Try it: With the pictures left out, repeat every entry that follows exactly.

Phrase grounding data
■ ■ ■ ■

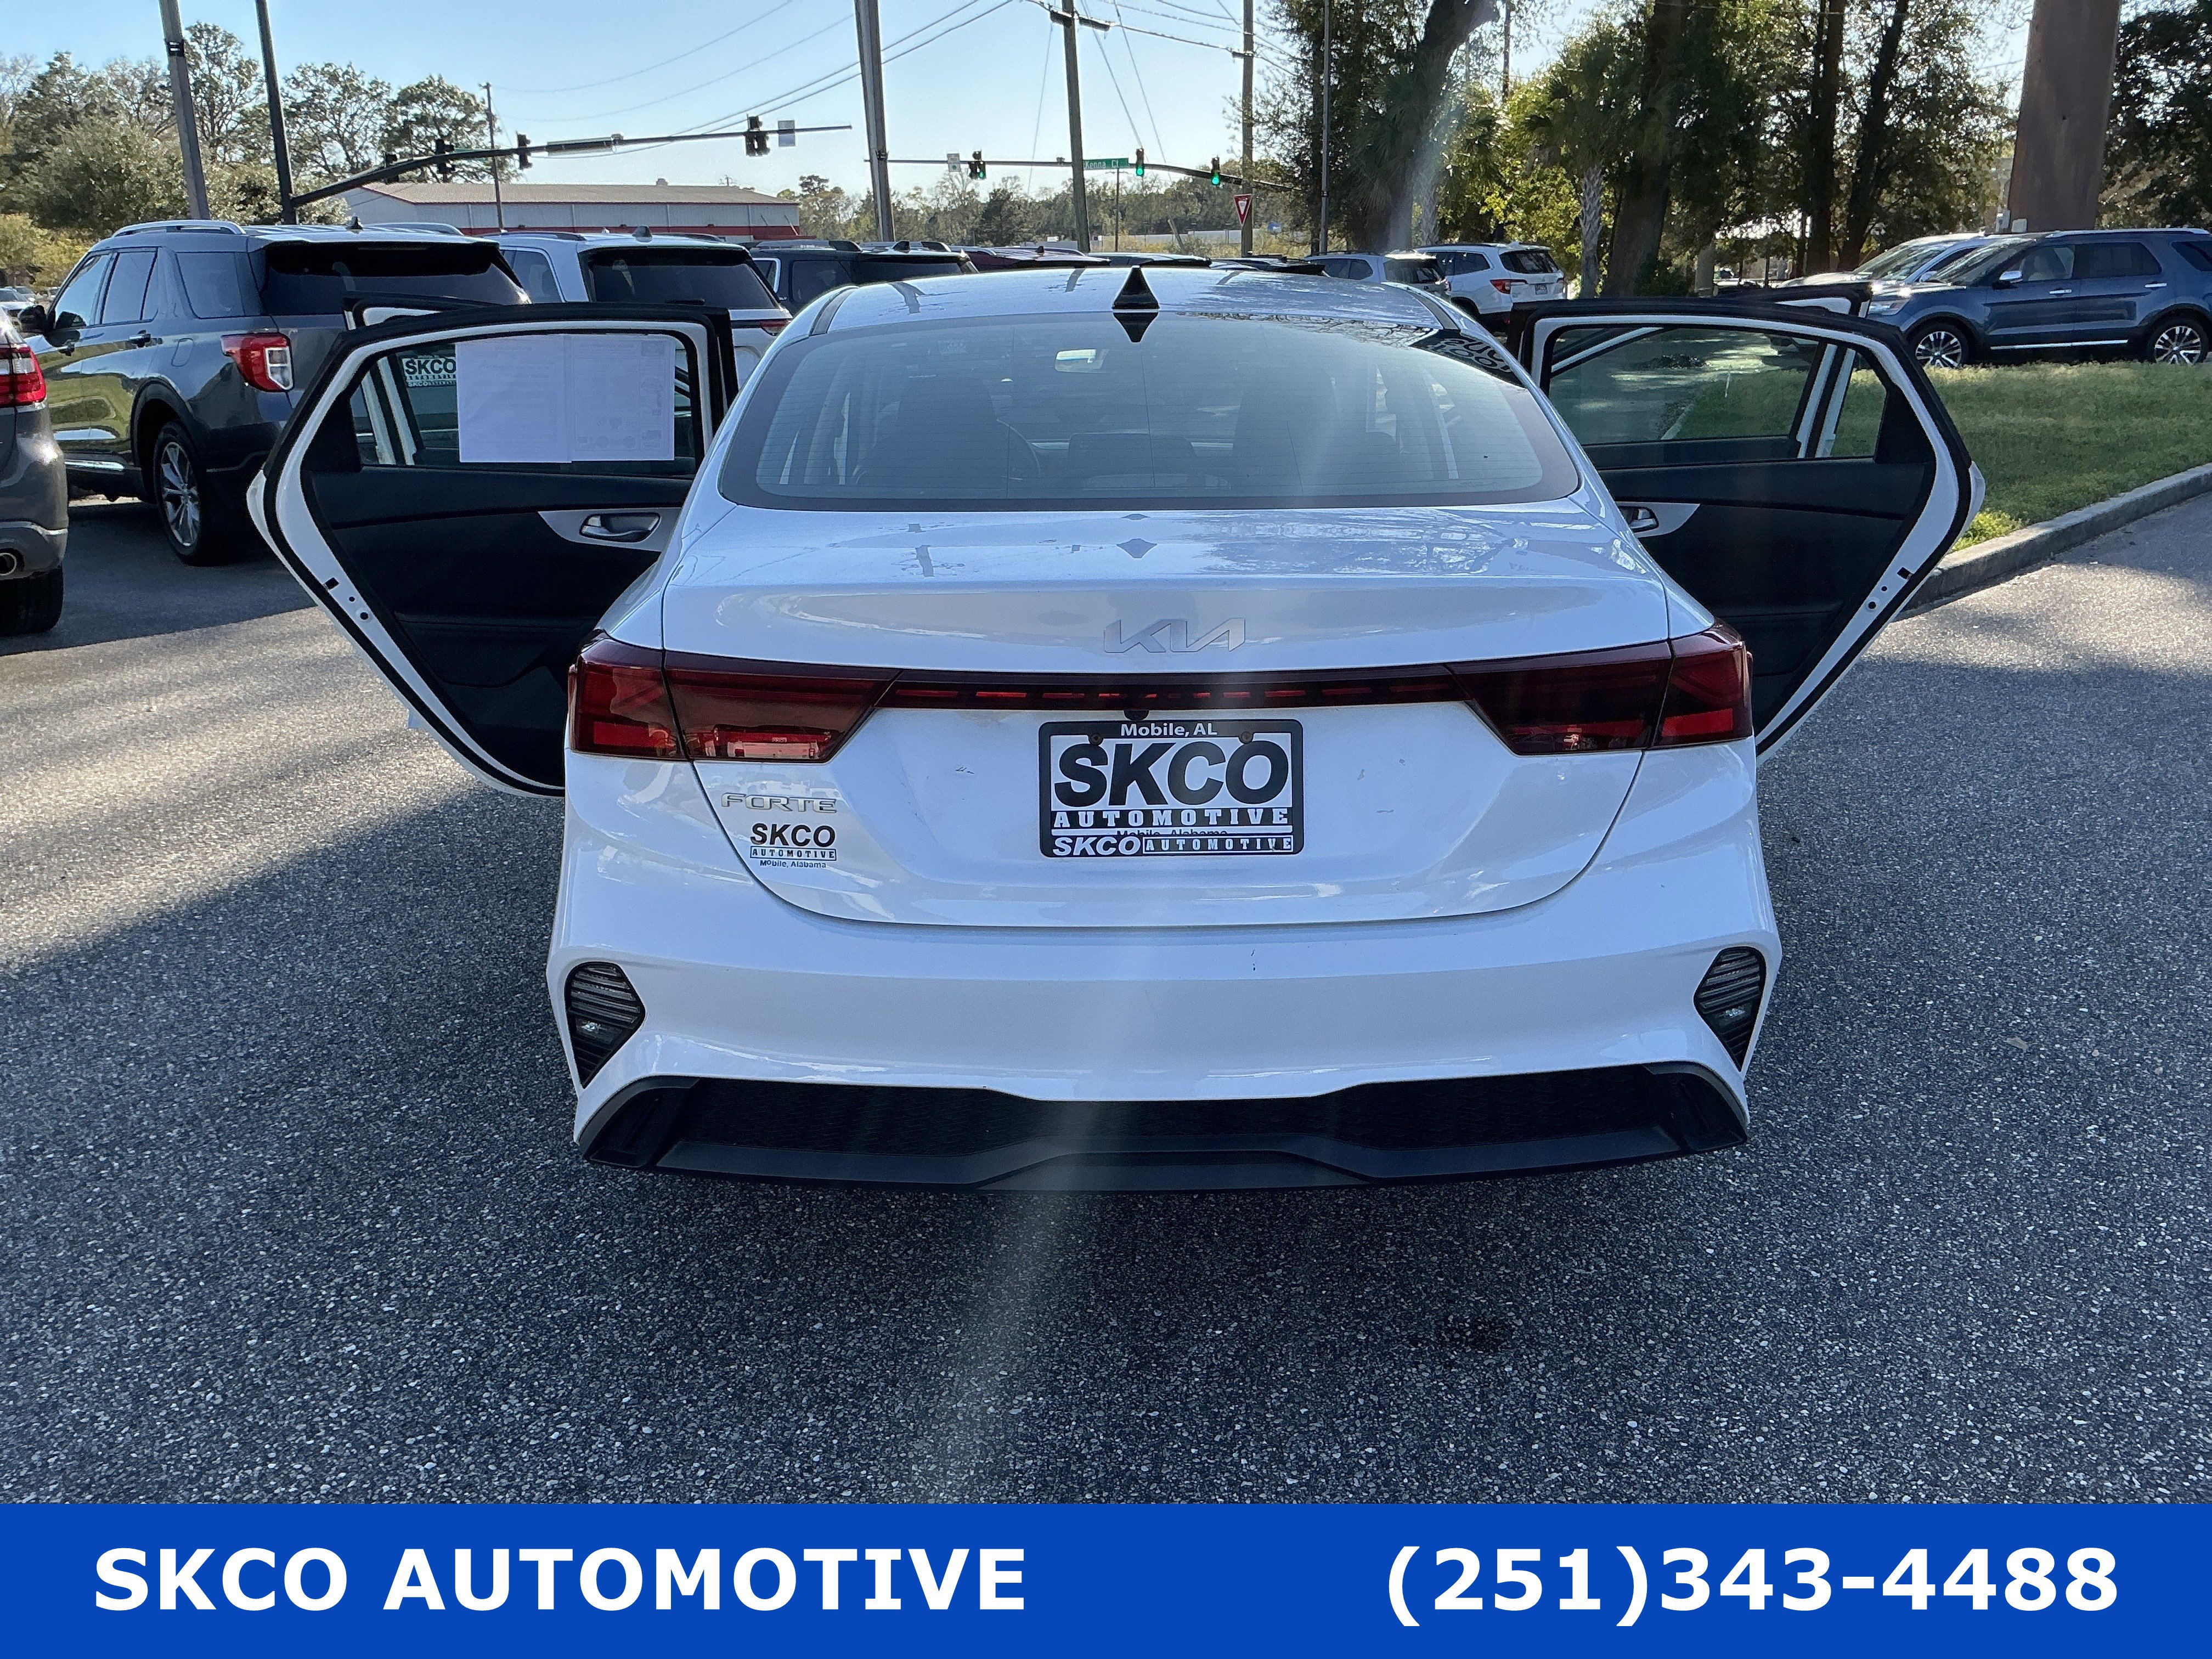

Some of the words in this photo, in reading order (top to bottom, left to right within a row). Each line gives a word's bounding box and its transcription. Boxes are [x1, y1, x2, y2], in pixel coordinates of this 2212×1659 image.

[1083, 161, 1107, 169] Kenna
[405, 359, 456, 375] SKCO
[1104, 617, 1246, 653] KIA
[1121, 723, 1190, 737] Mobile,
[1193, 723, 1218, 736] AL
[1054, 740, 1289, 808] SKCO
[721, 792, 837, 814] FORTE
[1053, 808, 1288, 827] AUTOMOTIVE
[750, 823, 836, 847] SKCO
[1052, 836, 1141, 856] SKCO
[1146, 838, 1291, 851] AUTOMOTIVE
[752, 849, 835, 859] AUTOMOTIVE
[760, 860, 788, 868] Mobile,
[791, 860, 826, 868] Alabama

■ ■ ■ ■

Solution for this problem:
Some of the words in this photo, in reading order (top to bottom, left to right within a row). Each line gives a word's bounding box and its transcription. Boxes are [x1, y1, x2, y2], in pixel coordinates of this 2212×1659 image.

[1083, 161, 1107, 169] Kenna
[405, 359, 456, 375] SKCO
[1104, 617, 1246, 653] KIA
[1121, 723, 1190, 737] Mobile,
[1193, 723, 1218, 736] AL
[1054, 740, 1289, 808] SKCO
[721, 792, 837, 814] FORTE
[1053, 808, 1288, 827] AUTOMOTIVE
[750, 823, 836, 847] SKCO
[1052, 836, 1141, 856] SKCO
[1146, 838, 1291, 851] AUTOMOTIVE
[752, 849, 835, 859] AUTOMOTIVE
[760, 860, 788, 868] Mobile,
[791, 860, 826, 868] Alabama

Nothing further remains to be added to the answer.